賑やかな商店筋である、山田屋権兵衛の所有する蔵の裏手に道場はあった。

「試・・衛・・ですか?」玄関に掛った扁額に、消えかかった文字で二文字が読めた」

「そう読むか?」

「違うのですか?」

「分からぬのだ、あのミミズが這ったような字は”誠”とも読める」

「誠衛・・・意味は?」

「分からぬ。あれが試衛でも誠衛でもな、意味が通らん」

「でもここは貴方の道場では・・・」

「儂がここを借りた時にはすでにあったのじゃ。
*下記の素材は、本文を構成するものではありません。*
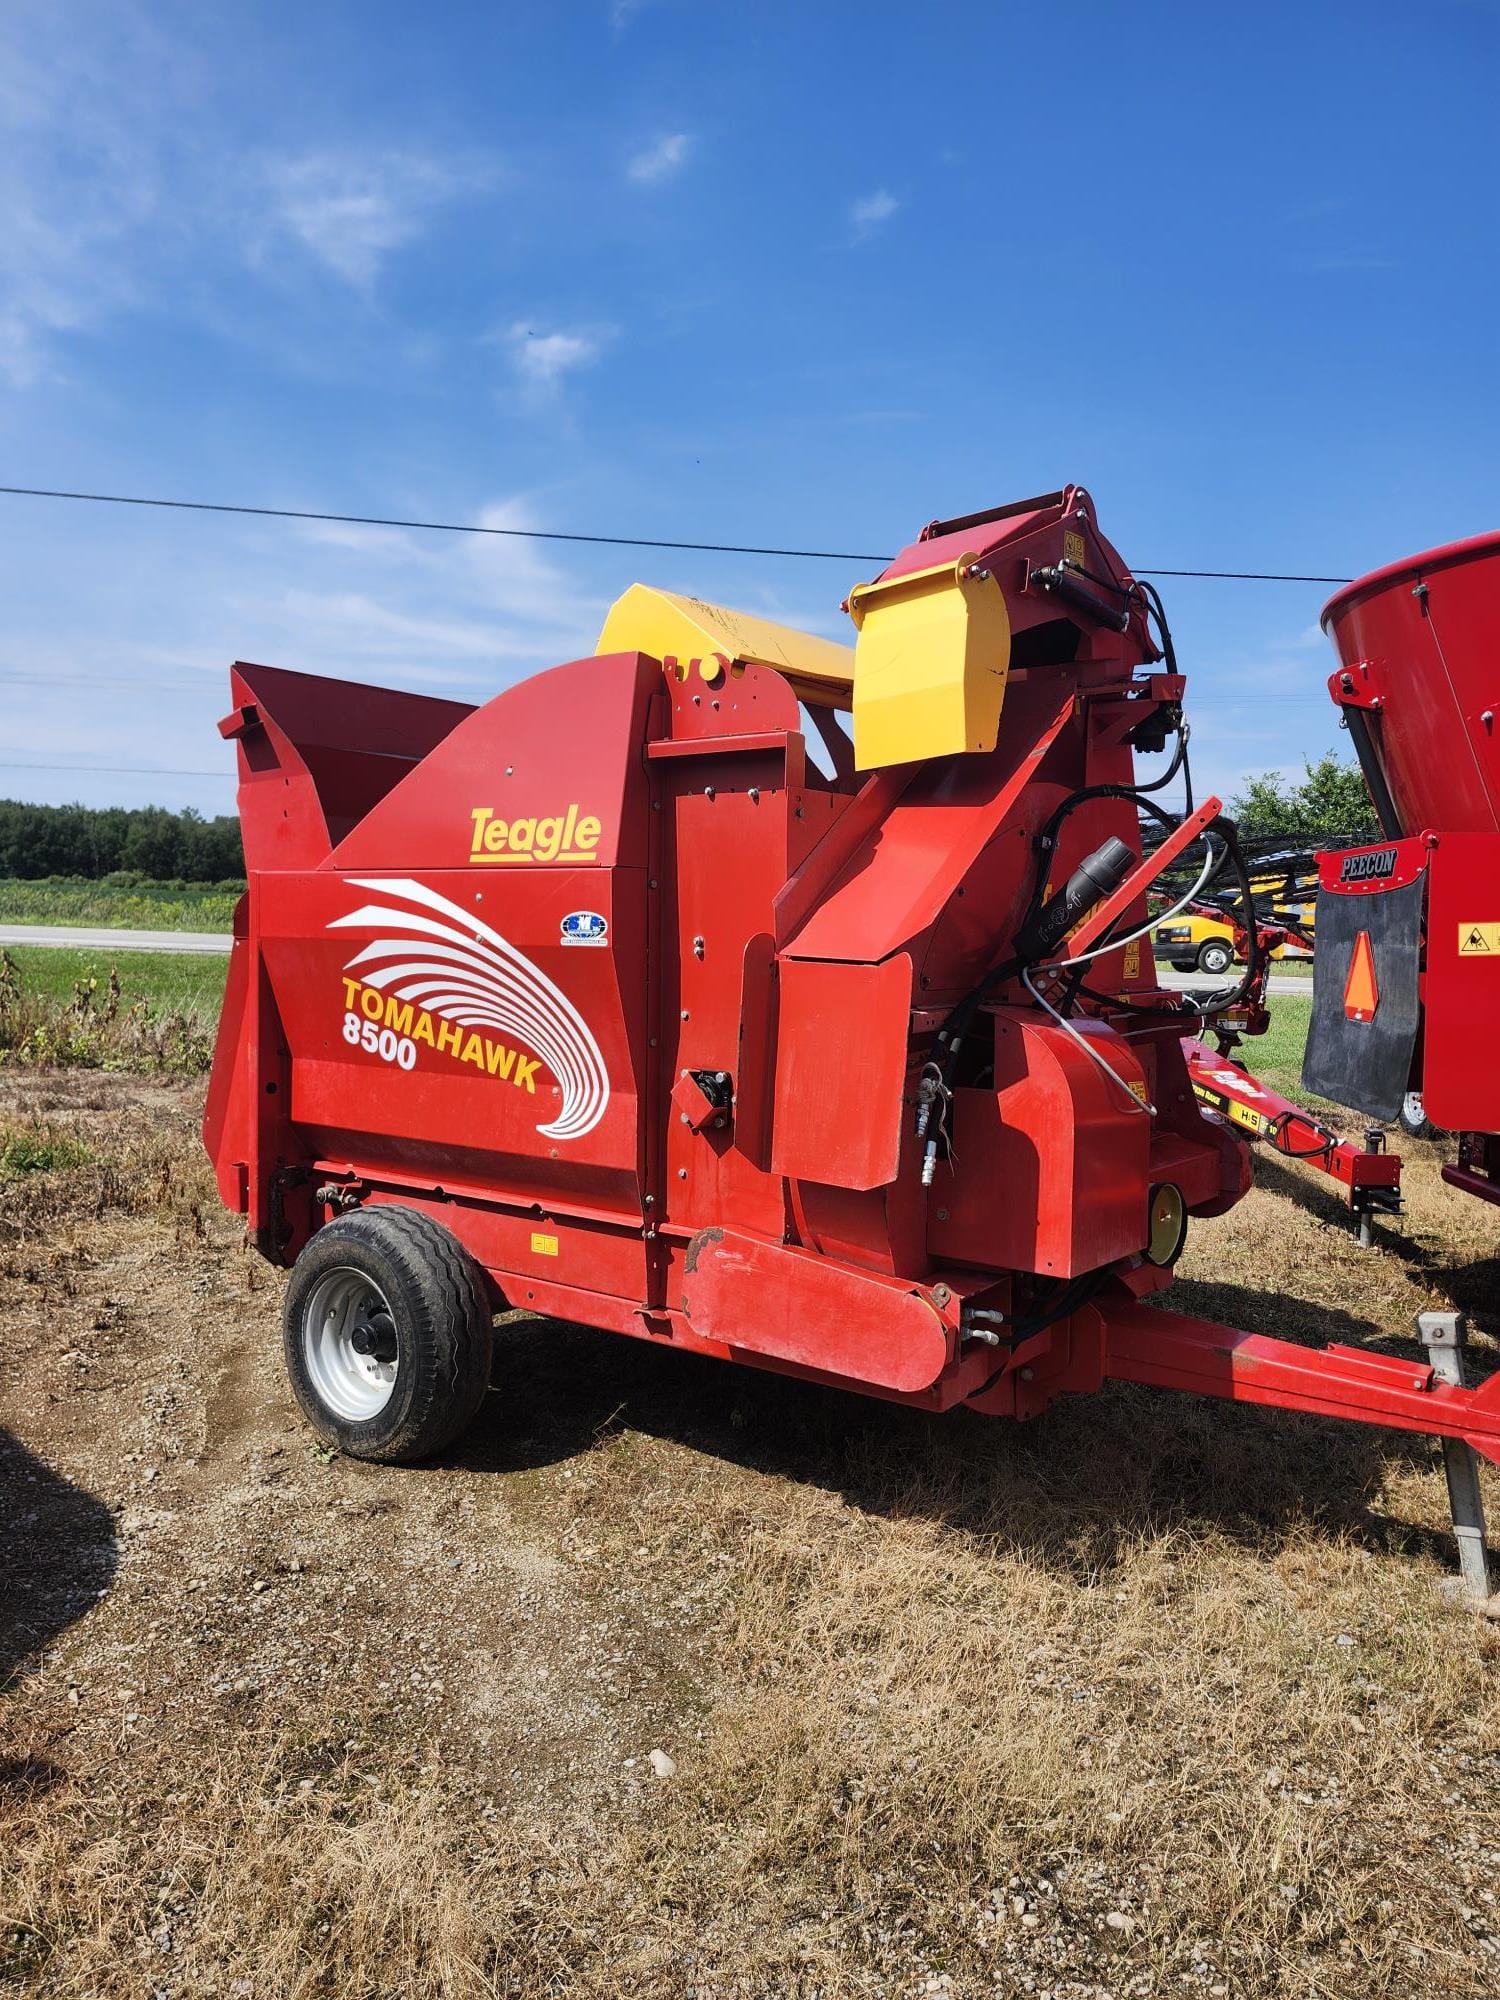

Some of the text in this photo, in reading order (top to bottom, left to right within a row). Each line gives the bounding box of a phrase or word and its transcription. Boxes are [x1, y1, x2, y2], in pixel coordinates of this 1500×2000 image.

近所の者はここを試衛館と呼び習わしているからそのままにしておいた」

「そんな・・・」

「名などどうでも良いのじゃよ」

その時、玄関の扉が開いて若いのか年寄りなのか分からない風貌の男が出て来た。「先生、お帰りなさい、話し声が聞こえたものですから」

「源三郎、勝太はいるか?」

「はい、居ります」

「他には?」

「沖田が来て居りますが」

「あの小僧、いったい此処の何処がそんなに気に入ったのやら・・・」周助が嫌な顔をした。

「だが、腕は立ちます」

「それだけだ・・・おっと、客人を連れて来た、入るぞ」


あばら家のような道場だった、練兵館に比べたら相当見劣りがする。広さも三分の一しかない。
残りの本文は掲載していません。